– Погодь!
– Цего тамо, в Орде? – вопросил.
– Мамая скинули. Из Синей Орды хан пришел, Тохтамыш!
Старшой глядел на него задумчиво. Потом отступил посторонь на шаг, примолвил:
– Иди!
– Дело такое! – пояснил, оборотясь к своим. – Коли с Ордою кака новая замятня, тута вся Русь, и нашу Рязанщину не обойдут! Грех о том не подать вести!
– Иди, не тронем! – повторил, видя колебанья кметя. И уже когда тот, чуя освобождающую радость избавленья, припустил вниз по дороге, набавляя и набавляя шаг, крикнул издали:
– Эй, ратный! Передай князю Митрию, пущай бояр своих сам уберет из Переславля, целее будут! Все одно выгоним!
Гонец глянул. Они, все четверо, стояли наверху, на изломе дороги, темнея на просторе влажного серо-лилового клубящегося неба, и глядели ему вслед. Он кивнул и помахал им рукою. Потом, уже не оборачиваясь, устремил к спасительным кровлям яма и первое, что произнес повелительно, когда из дверей вышел ему встречу косматый, в курчавой бороде, хозяин:
– Коня! Гонец великого князя владимирского!

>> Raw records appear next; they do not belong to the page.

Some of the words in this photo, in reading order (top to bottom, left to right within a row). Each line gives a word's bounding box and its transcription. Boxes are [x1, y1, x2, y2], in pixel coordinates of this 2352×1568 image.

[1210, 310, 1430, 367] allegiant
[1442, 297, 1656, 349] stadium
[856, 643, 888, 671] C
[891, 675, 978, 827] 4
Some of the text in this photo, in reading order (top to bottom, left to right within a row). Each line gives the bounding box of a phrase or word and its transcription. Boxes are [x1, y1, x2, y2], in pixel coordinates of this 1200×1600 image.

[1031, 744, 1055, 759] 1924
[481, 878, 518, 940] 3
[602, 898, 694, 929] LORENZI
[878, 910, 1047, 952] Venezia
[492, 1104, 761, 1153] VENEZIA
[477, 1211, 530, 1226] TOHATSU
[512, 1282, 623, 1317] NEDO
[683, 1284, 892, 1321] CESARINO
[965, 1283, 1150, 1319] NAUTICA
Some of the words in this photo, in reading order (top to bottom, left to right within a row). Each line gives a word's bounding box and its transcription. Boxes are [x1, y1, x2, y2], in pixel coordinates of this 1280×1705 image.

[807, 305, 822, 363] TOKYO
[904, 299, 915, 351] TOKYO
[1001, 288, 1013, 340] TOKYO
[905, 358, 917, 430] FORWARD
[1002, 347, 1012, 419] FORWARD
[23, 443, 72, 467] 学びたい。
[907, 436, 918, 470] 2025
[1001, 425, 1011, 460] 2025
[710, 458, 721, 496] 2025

О бродягах, что едва не убили его на дороге, он не сказал ни слова.
Не стоило. Да ведь и отпустили же они его! По чести поступили мужики!
Выпил горячего сбитню, всел в седло, остро ощутив мгновенную слабость тела, но тут же и окоротил себя, мысленно прикрикнув на непослушливую плоть, с которой едва не расстался полчаса назад.
Конь стриг ушами, пробовал, заворачивая голову, цапнуть седока за колено и пришел в себя лишь после двух увесистых ударов плетью. «Доскакать бы только до Коломны! – думал он теперь. – В Коломне, почитай, дома уже…»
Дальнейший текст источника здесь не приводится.